Les milieux qui ont lancé et qui appuient l’initiative sur les traités internationaux soumise au vote des Suisses le 17 juin se font de la souveraineté une idée qu’il est aisé de réfuter. Ce n’est pas en signant le moins possible d’accords internationaux et ce n’est pas en rendant leur ratification plus difficile, en effet, que la Suisse préservera le mieux ses intérêts sur la scène internationale, et donc sa souveraineté.

Au contraire, un pays si étroitement dépendant de ses voisins, de l’Europe et du monde a un besoin vital de pouvoir compter sur la sécurité que procurent des relations fondées sur le droit international plutôt que sur de purs rapports de force – politiques, diplomatiques ou commerciaux. A cette fin, la marge de manœuvre des négociateurs suisses doit être préservée et ne pas être réduite inutilement.

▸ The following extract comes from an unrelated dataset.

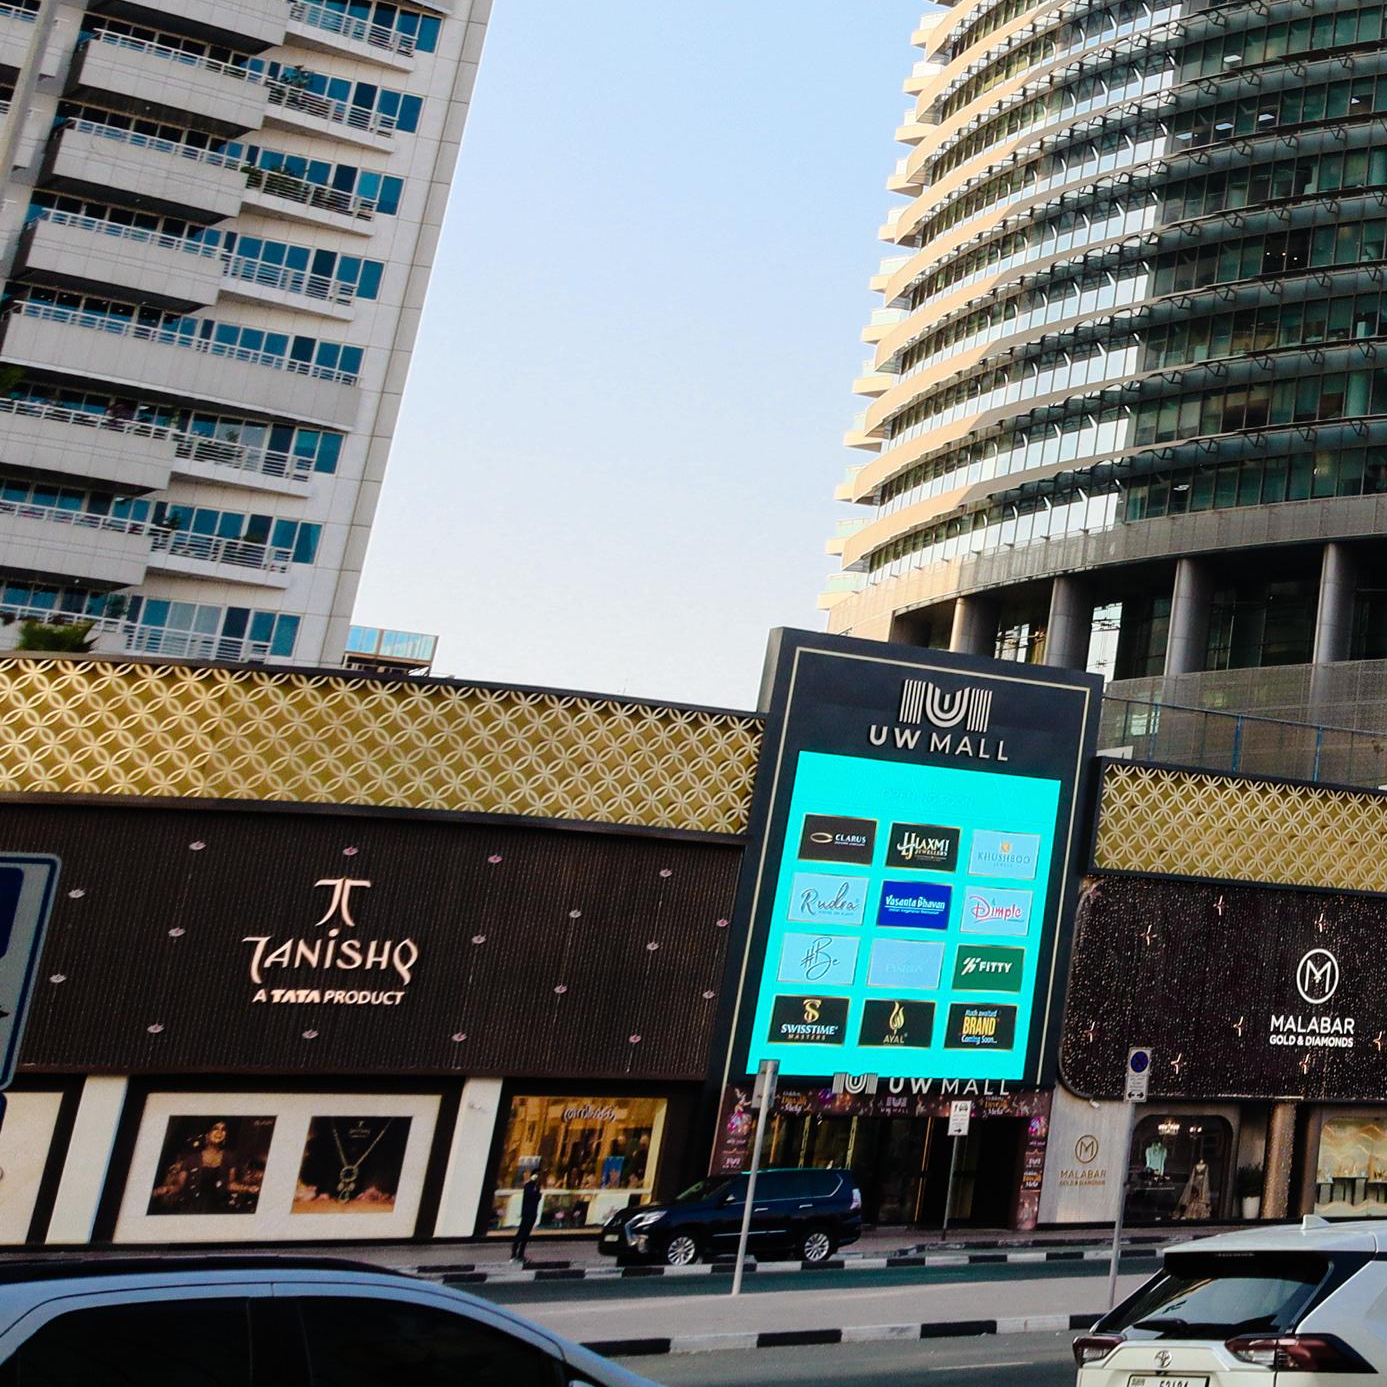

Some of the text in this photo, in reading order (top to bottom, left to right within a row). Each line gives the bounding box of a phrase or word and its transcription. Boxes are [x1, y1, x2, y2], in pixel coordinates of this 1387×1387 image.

Quant à la nécessité de donner une légitimité politique et démocratique aux engagements pris par nos négociateurs, les règles en vigueur y pourvoient déjà amplement. Il n’est nul besoin de les bouleverser. L’histoire montre d’ailleurs qu’il n’a pas fallu attendre l’ASIN et son initiative pour que les orientations les plus importantes de la politique extérieure soient soumises d’office par le Conseil fédéral et les Chambres à la double approbation du peuple et des cantons, même dans les quelques cas où la nécessité juridique d’organiser un référendum obligatoire était incertaine: adhésion à la SDN en 1920, adhésions – refusées – à l’ONU en 1986 et à l’EEE en 1992.

Ce dont rêvent par-dessus tout les auteurs de l’initiative, c’est de réussir enfin à provoquer une crise majeure avec l’Union européenne en faisant échouer un accord sans lequel la poursuite de nos relations avec Bruxelles serait définitivement compromise. Stratégie du pire dont tous les isolationnistes rassemblés, malgré leurs efforts redoublés contre les accords bilatéraux avec l’UE, n’ont jamais pu convaincre une majorité de Suisses.

Ne nous trompons dès lors pas de débat. Ne confondons pas cette initiative outrancière, passéiste, avec les questions légitimes, utiles même, mais qui ne sont pas propres à la Suisse, que soulève une souveraineté étatique toujours plus partagée.